Task to carry out ::
Give an exact copy of the data that follows, but none of its pictures.

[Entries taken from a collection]

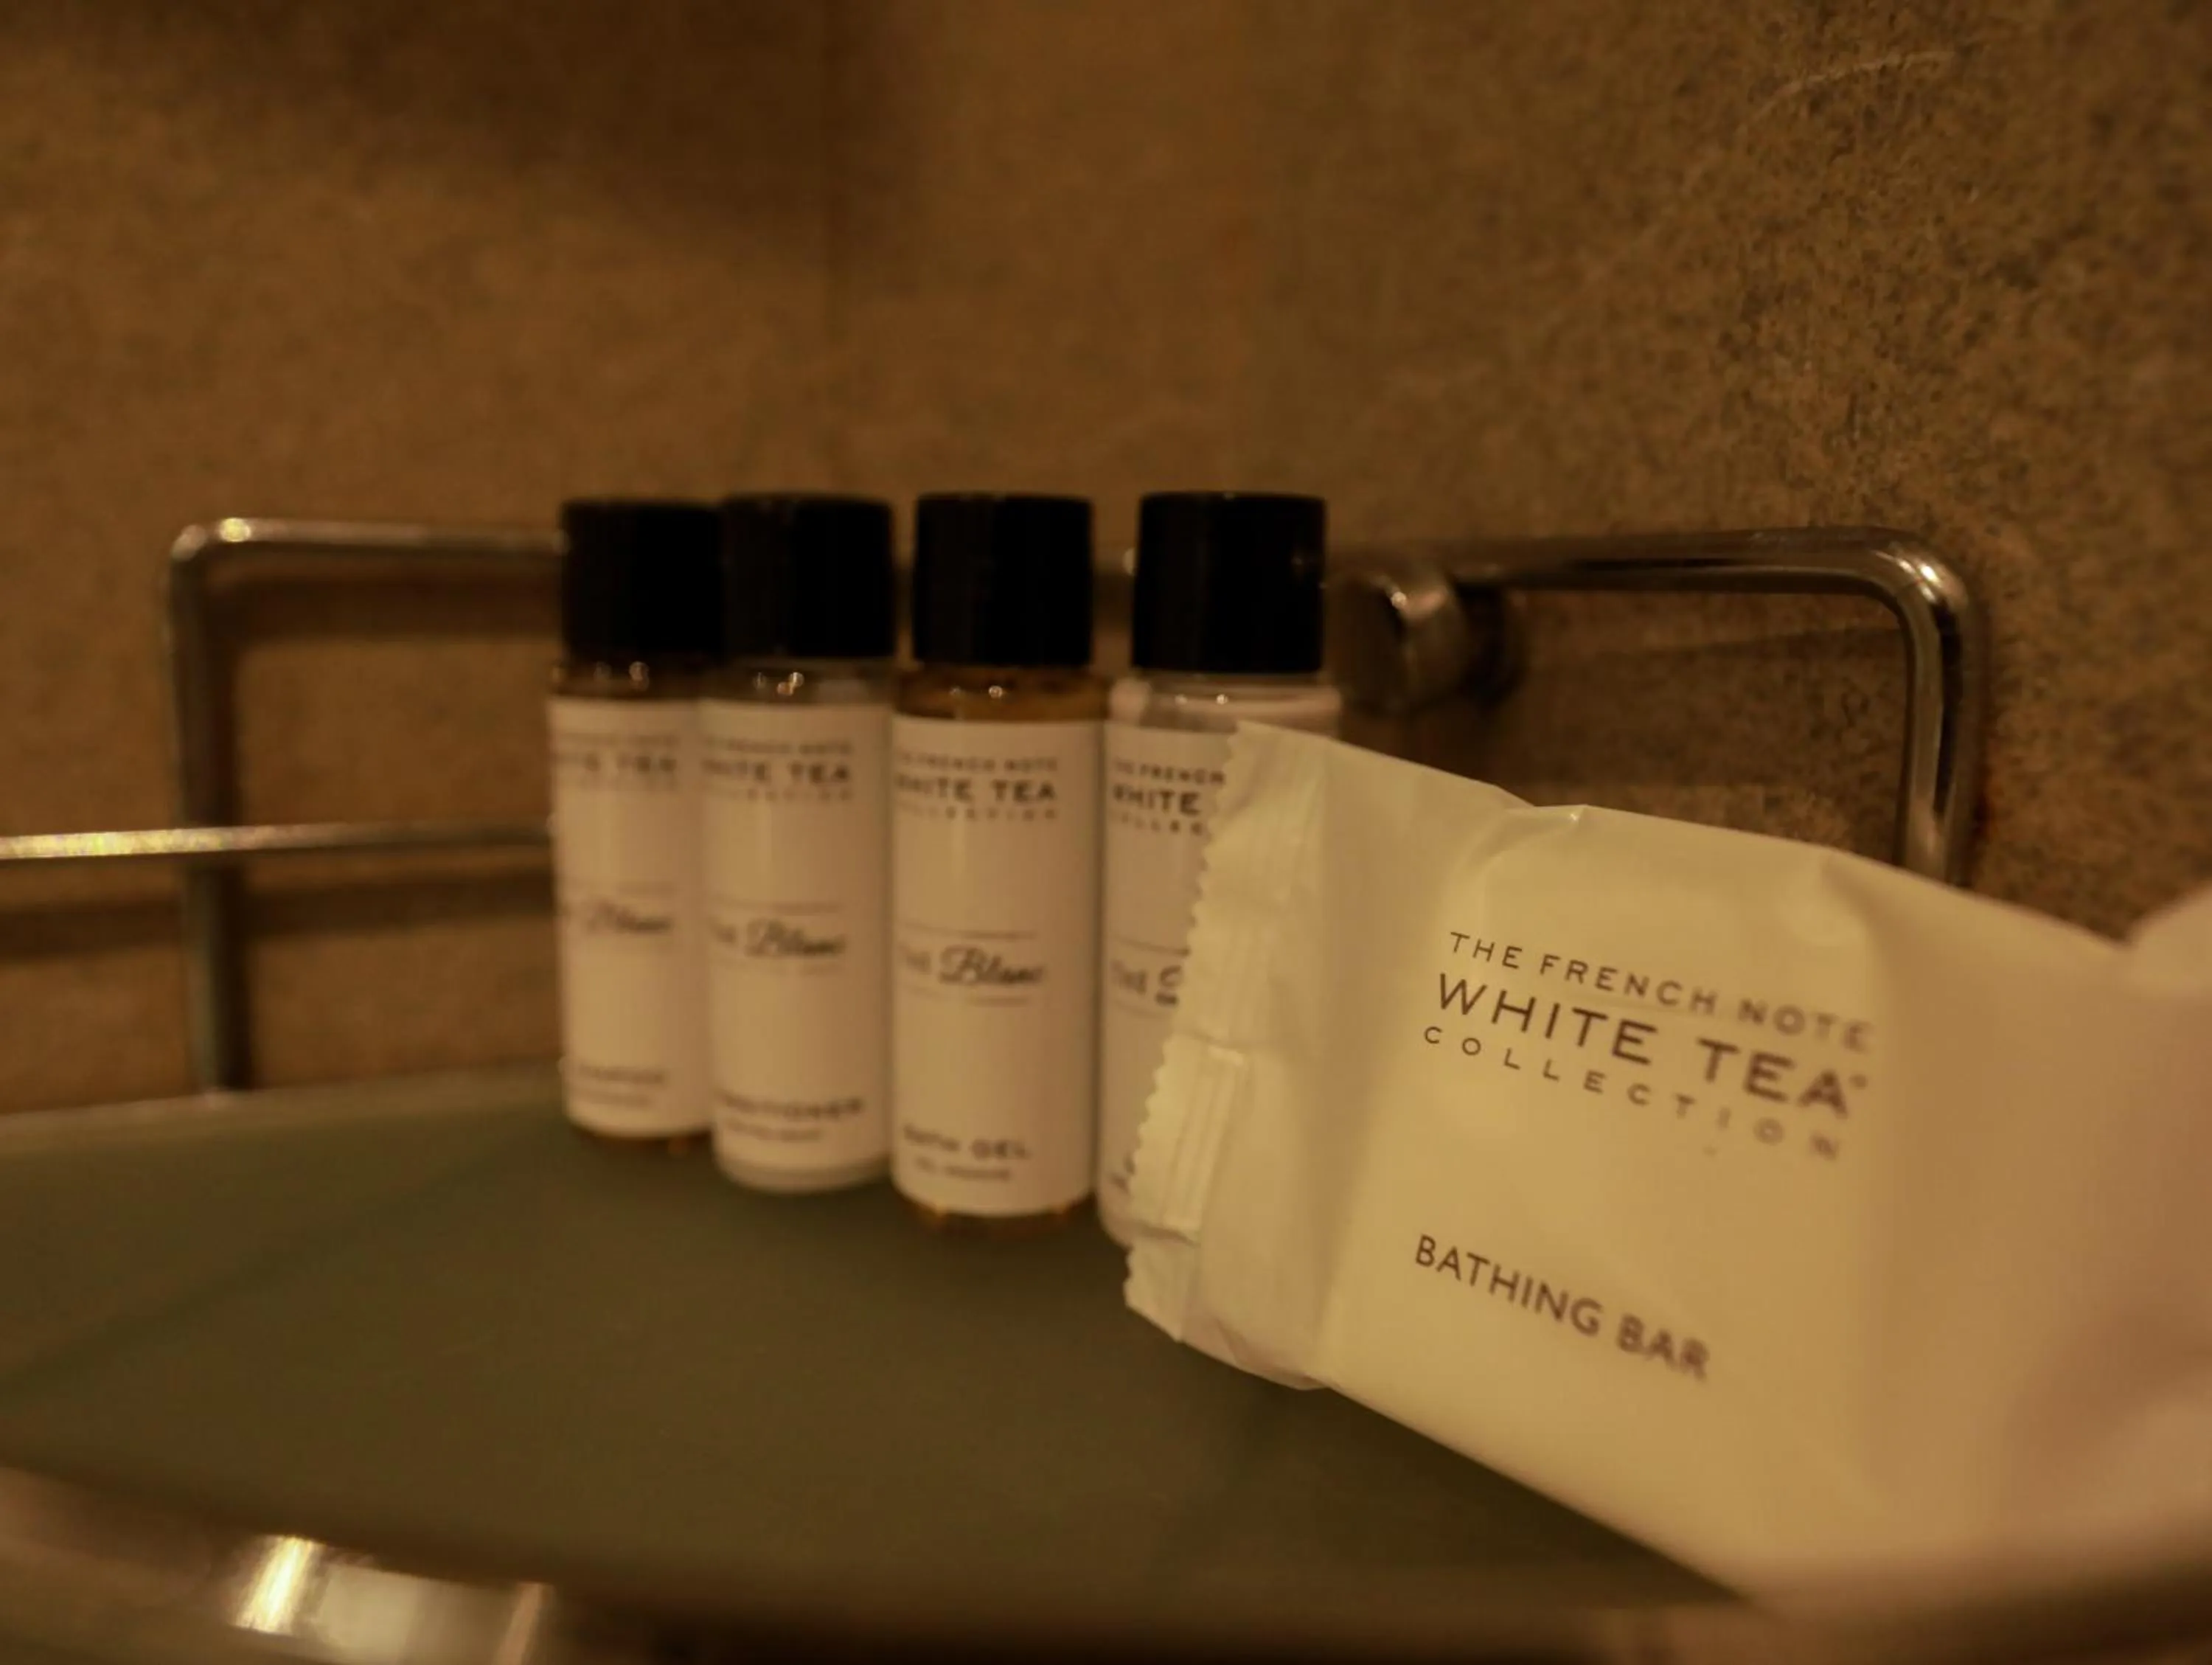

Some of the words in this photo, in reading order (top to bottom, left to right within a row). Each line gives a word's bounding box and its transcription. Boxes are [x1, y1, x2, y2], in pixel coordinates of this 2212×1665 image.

[990, 778, 1058, 804] TEA
[1439, 972, 1659, 1066] WHITE
[1449, 931, 1523, 970] THE
[1539, 953, 1718, 1017] FRENCH
[1737, 998, 1871, 1054] NOTE
[1422, 1025, 1841, 1162] COLLECTION
[1414, 1233, 1604, 1338] BATHING
[1615, 1312, 1711, 1383] BAR

Task output ::
Some of the words in this photo, in reading order (top to bottom, left to right within a row). Each line gives a word's bounding box and its transcription. Boxes are [x1, y1, x2, y2], in pixel coordinates of this 2212×1665 image.

[990, 778, 1058, 804] TEA
[1439, 972, 1659, 1066] WHITE
[1449, 931, 1523, 970] THE
[1539, 953, 1718, 1017] FRENCH
[1737, 998, 1871, 1054] NOTE
[1422, 1025, 1841, 1162] COLLECTION
[1414, 1233, 1604, 1338] BATHING
[1615, 1312, 1711, 1383] BAR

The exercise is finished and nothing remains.